TAREE'S Kevin Hardy remembers rugby league immortal Johnny Raper as a 'fitness fanatic' who was a 'tough man and a fantastic footballer.'
Raper died last week aged 82 after battling dementia for the past five years.
Hardy played with Western Suburbs Newcastle in 1972, when Raper was the captain-coach. A five-eighth or halfback, Hardy went to Wests from Taree United, the 1971 Group Three premier. He was the incumbent North Coast representative five-eighth. Raper had a leading role in Hardy's negotiations with Wests and that was one of the main reasons he signed.
"I was a bit overawed, thinking that I was going to be coached by Johnny Raper,'' Hardy, now 74, admitted.

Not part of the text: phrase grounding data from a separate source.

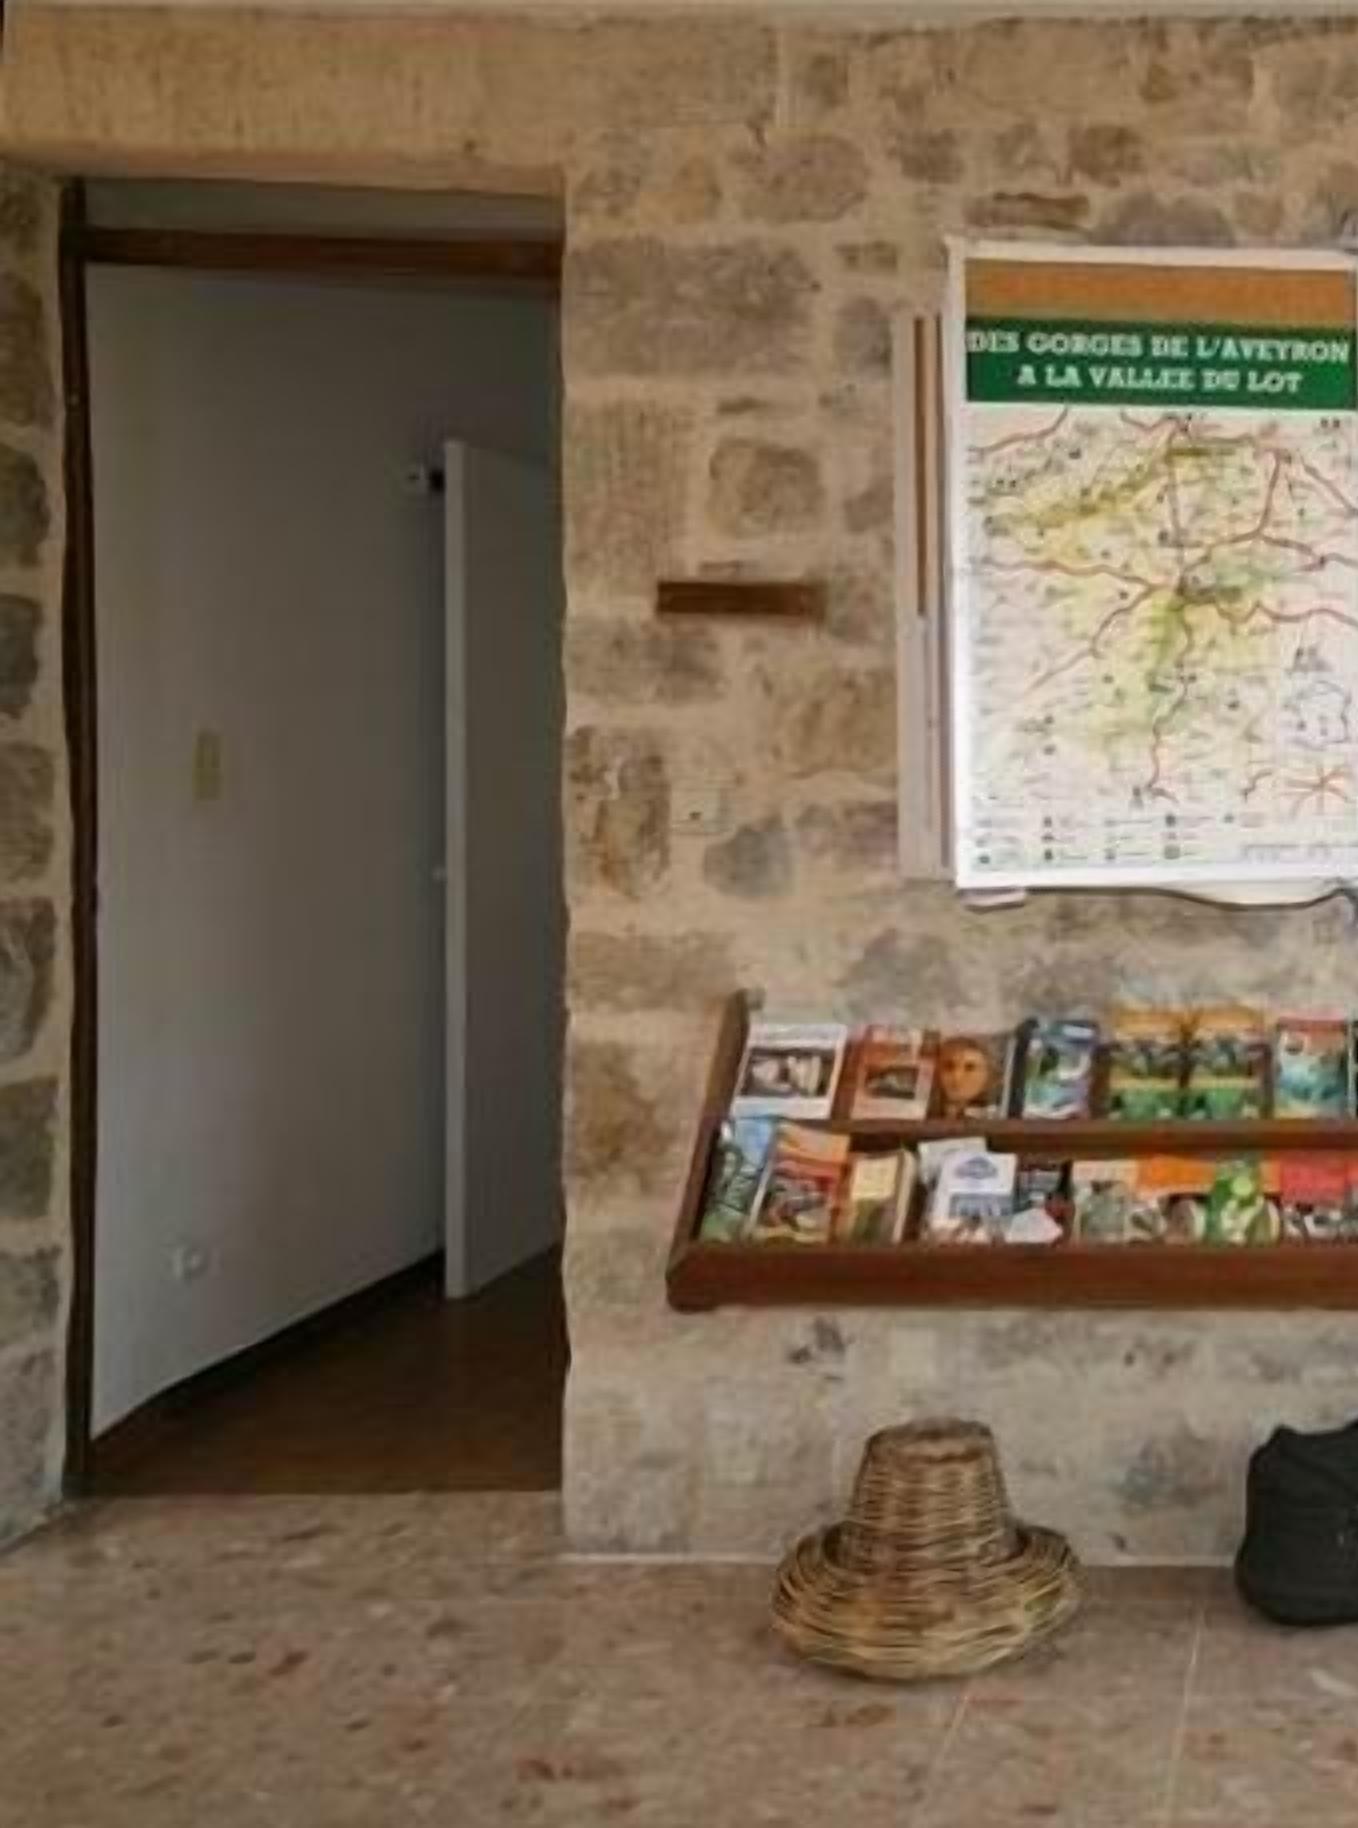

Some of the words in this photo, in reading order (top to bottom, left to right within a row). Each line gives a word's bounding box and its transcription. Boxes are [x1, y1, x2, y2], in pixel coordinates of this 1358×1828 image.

[967, 331, 1019, 354] DES
[1028, 332, 1143, 358] GORGES
[1152, 335, 1191, 359] DE
[1196, 336, 1350, 363] L'AVEYRON
[1017, 365, 1037, 386] A
[1046, 366, 1083, 388] LA
[1090, 367, 1195, 391] VALLEE
[1203, 370, 1239, 392] DU
[1247, 371, 1304, 394] LOT

"And when I went down there I was a mile behind everyone else as far as fitness was concerned.
"Johnny sort of took me under his wing at training and encouraged me to do a bit extra to catch up.''
Raper was 32 then and nearing the end of his storied career. Even so, Hardy said he still marvelled at some of the things that Raper was capable of on the field.
"And he was just so tough,'' Hardy said.
"I remember one game he was getting stretchered off the field. But he jumped off the stretcher before they got to the sideline - he wasn't going off; because if you went off in those days, you weren't allowed back on.''
He said Raper's coaching style was based on defence with an emphasis on fitness.
"We did have a few moves - one was called Strawberry Pie and I used it a lot when I started coaching with United. We scored a lot of tries from it,'' he said.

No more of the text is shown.